12.31.2019

hopes and regrets

regrets:

having said the wrong thing. having said the right thing at the wrong time. a handful of half-read books on my nightstand. thin patience. having missed seeing david byrne on broadway. too much complaining. letting time slip through my hands. knee-jerk reactions. time on social media. missed and mixed priorities. complacency. too much focus on politics and the news. pettiness. friends' unanswered emails in my inbox that are over a year old.

hopes:

carve time out to read books during the day. get more sleep. work on my neglected memoir. take up running for the umpteenth time. get out with my girlfriends more often. more simple pleasures like bringing cut flowers into the home. be a better correspondent. get out of town. praise more, complain less. help elect a decent, experienced, respected, measured president. seizure freedom for calvin.


12.30.2019

seizures and dreams

Last night in the wake of my son's seizure, while spooning him, I dream.

I'm in a small room in a strange, sparsely furnished house with a dozen others, none of whom I know.
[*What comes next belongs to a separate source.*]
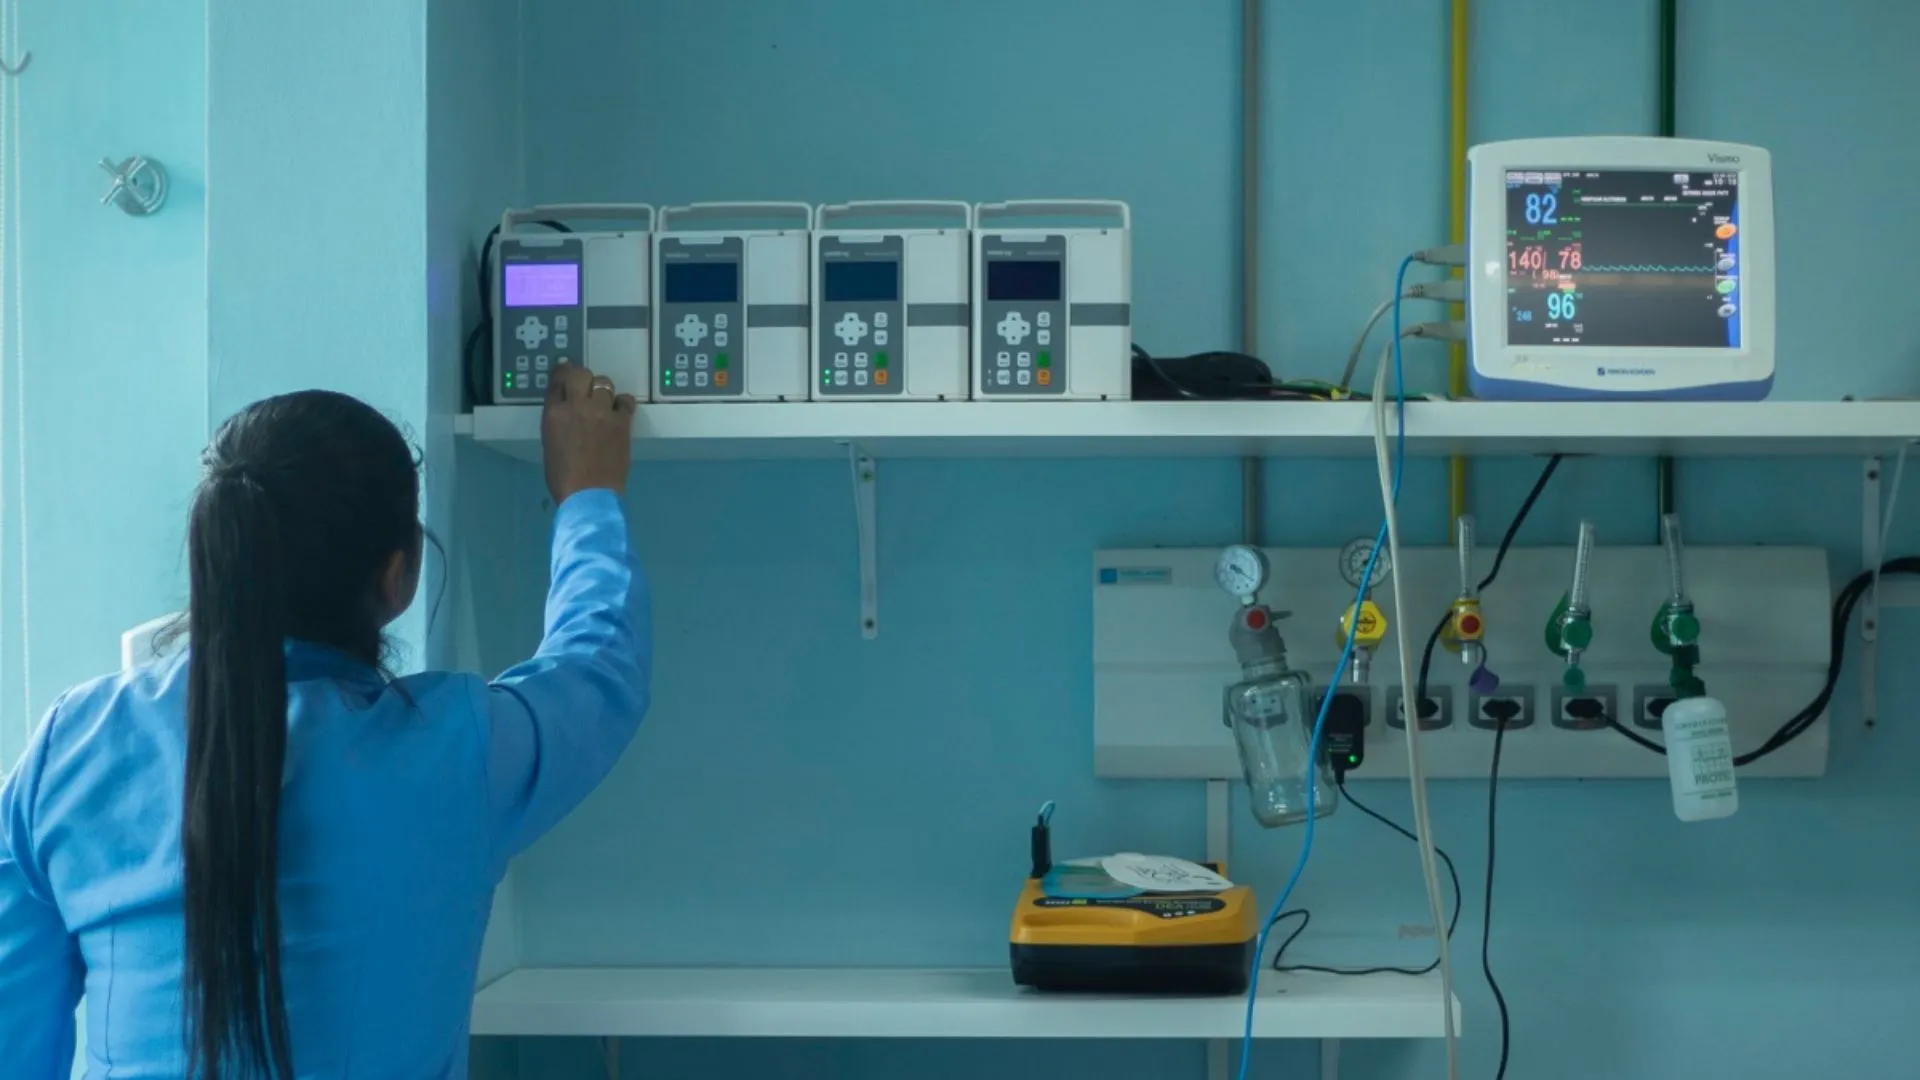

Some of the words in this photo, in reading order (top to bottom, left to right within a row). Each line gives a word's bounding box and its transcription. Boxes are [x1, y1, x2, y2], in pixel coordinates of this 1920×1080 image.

[1525, 193, 1557, 224] 82
[1558, 250, 1582, 270] 78
[1547, 292, 1576, 320] 96
It's just after twilight, an indigo sky crowning a nearby mountaintop. Suddenly, the lights go out. Somewhere, whether in my head or from some eerie broadcast, a man's voice booms that everything is going to come down. It's clear the others hear the ominous message too; I see them scrambling about nervously. Then comes a low rumbling, one which I feel deep in my bones. Is it an avalanche? An earthquake? An explosion? Peering out a nearby window I notice that all of the homes nestled closely together into the mountainside are darkened too. I sit and fret, wondering if a tree will crash through the roof and crush me. I imagine the ceiling caving in, the earth swallowing us whole. I'm held captive awaiting my demise, only to wake to the sound of my son rustling under his covers. It's not yet dawn, and I hear the lonely rumble of passing snowplows, feel the house quake as the plows clear fresh snow from streets which are yet desolate.

With the exception of the unexpected seizure, all is well. Compared with years past, Calvin sleeps well after his grand mals and does not go on to have subsequent ones. No longer does he stay up for hours wired as if in a panic, his heart pounding, his fingers madly knitting. My guess is he is nearing full freedom from some of the effects of benzodiazepines and their withdrawal. Perhaps he is also benefiting from a much lower dose of Keppra than ever before. Maybe my latest batch of THCA cannabis oil is responsible for his recent, relatively low seizure count—only four grand mals this month and zero focal seizures so far—which is less than half his average monthly total.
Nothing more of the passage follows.